Task details> Only the lines of the data holding the string "declared" need to be returned.

BEGIN

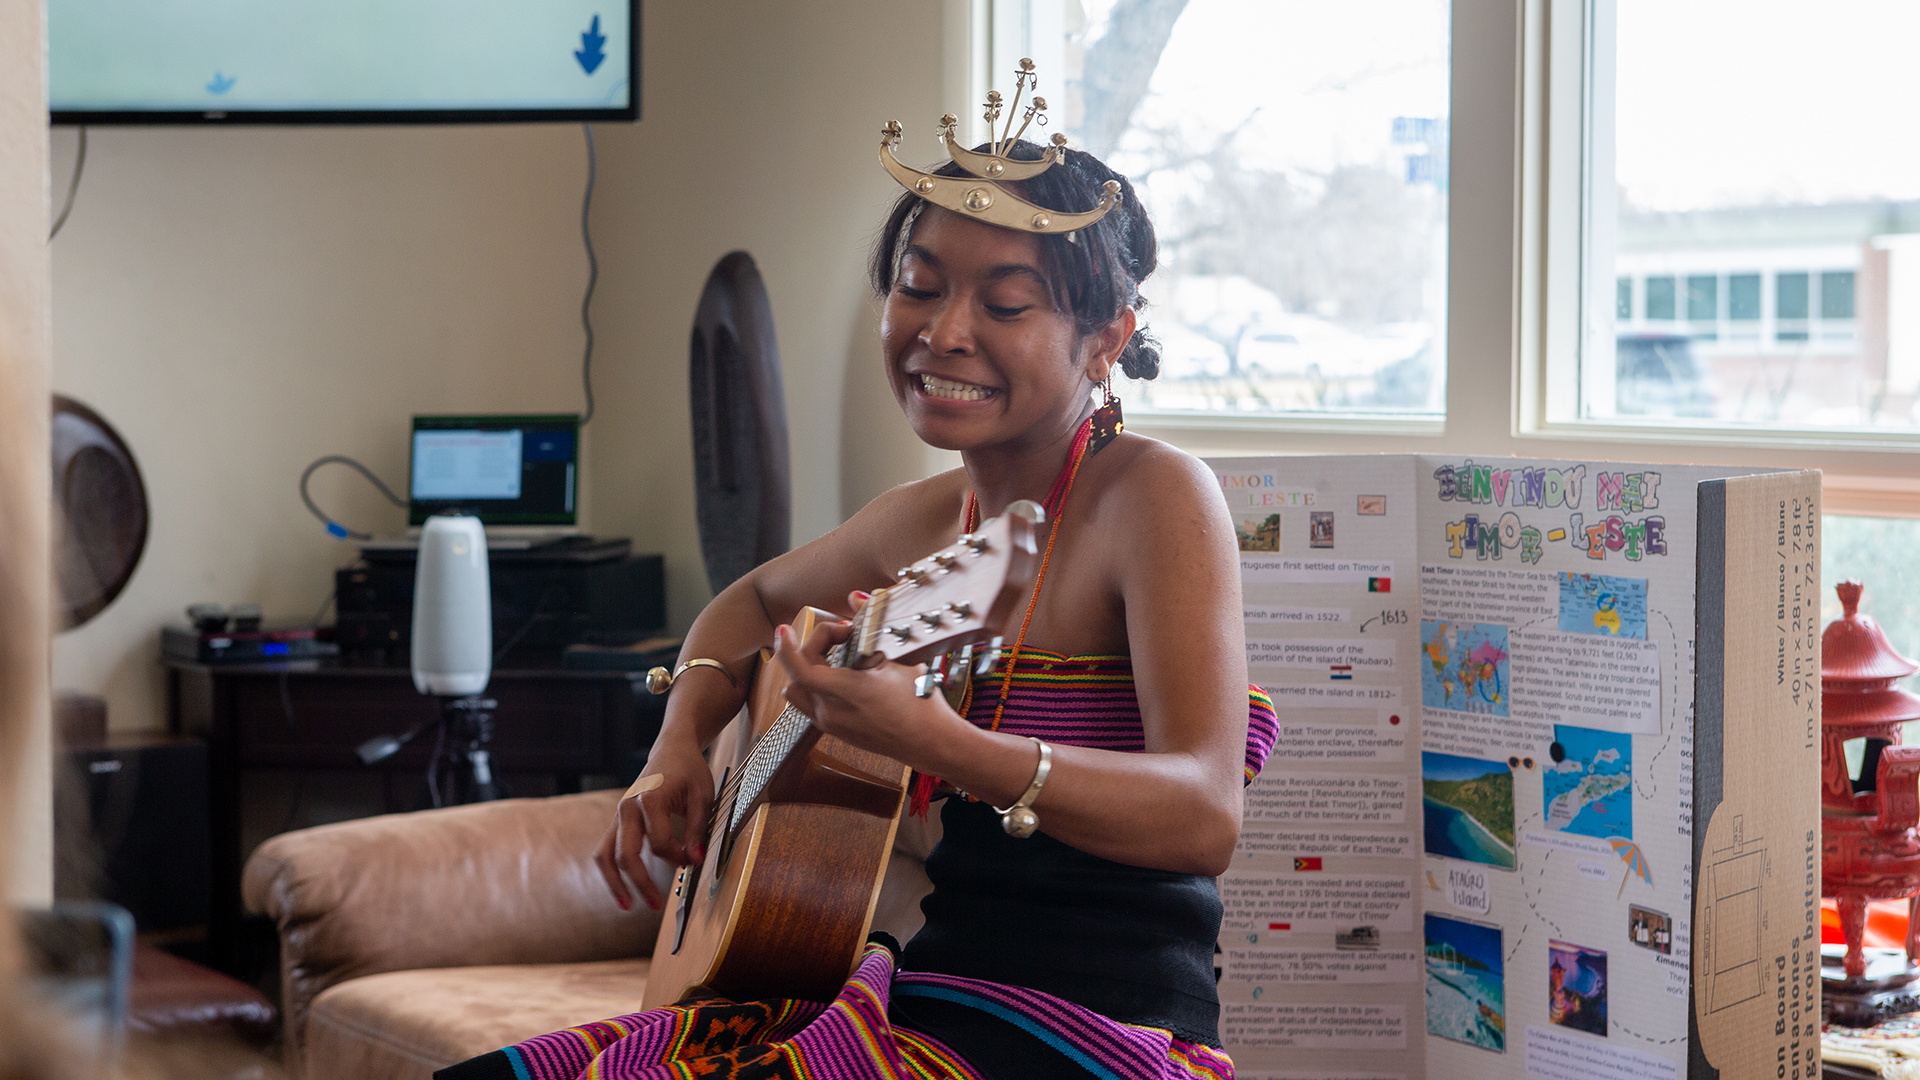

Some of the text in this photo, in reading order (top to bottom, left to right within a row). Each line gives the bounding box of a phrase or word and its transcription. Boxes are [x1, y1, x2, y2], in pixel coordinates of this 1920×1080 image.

[1216, 474, 1275, 488] IMOR
[1249, 492, 1315, 506] LESTE
[1446, 512, 1543, 565] TIMOR
[1570, 512, 1668, 562] LESTE
[1240, 562, 1280, 570] rtuguese
[1283, 562, 1301, 570] first
[1805, 542, 1814, 586] 72.3
[1380, 609, 1408, 625] 1613
[1807, 618, 1813, 649] cm
[1336, 645, 1346, 653] of
[1569, 636, 1587, 644] Timor
[1643, 641, 1657, 650] with
[1795, 638, 1800, 651] x
[1522, 644, 1554, 652] mountains
[1555, 647, 1572, 656] rising
[1601, 650, 1614, 659] feet
[1286, 654, 1295, 662] of
[1315, 656, 1342, 665] island
[1264, 686, 1306, 694] overned
[1283, 727, 1303, 736] East
[1306, 727, 1332, 735] Timor
[1273, 748, 1324, 758] Portuguese
[1358, 779, 1370, 788] do
[1381, 790, 1405, 799] Front
[1309, 799, 1328, 808] East
[1372, 802, 1403, 810] gained
[1252, 810, 1263, 818] of
[1292, 810, 1302, 819] of
[1322, 812, 1360, 820] territory
[1362, 810, 1380, 820] and
[1277, 833, 1316, 841] declared
[1332, 834, 1395, 843] independence
[1245, 842, 1297, 851] Democratic
[1299, 843, 1338, 852] Republic
[1340, 844, 1350, 853] of
[1352, 845, 1372, 853] East
[1375, 845, 1403, 854] Timor.
[1275, 878, 1304, 887] forces
[1803, 830, 1813, 941] battants
[1267, 889, 1285, 897] and
[1299, 889, 1322, 898] 1976
[1324, 890, 1369, 898] Indonesia
[1371, 891, 1410, 899] declared
[1453, 890, 1486, 909] Island
[1244, 899, 1256, 908] be
[1272, 900, 1307, 909] integral
[1331, 900, 1341, 909] of
[1343, 901, 1362, 909] that
[1364, 902, 1400, 910] country
[1224, 909, 1234, 917] as
[1295, 910, 1305, 919] of
[1307, 910, 1327, 919] East
[1330, 911, 1356, 919] Timor
[1359, 911, 1390, 921] (Timor
[1655, 954, 1689, 971] Ximenes
[1804, 950, 1813, 1014] trois
[1666, 986, 1683, 996] work
[1790, 936, 1799, 1080] entaciones
[1775, 955, 1785, 1079] on Board
[1806, 1048, 1816, 1079] ge

END

Answer to the problem>
[1277, 833, 1316, 841] declared
[1371, 891, 1410, 899] declared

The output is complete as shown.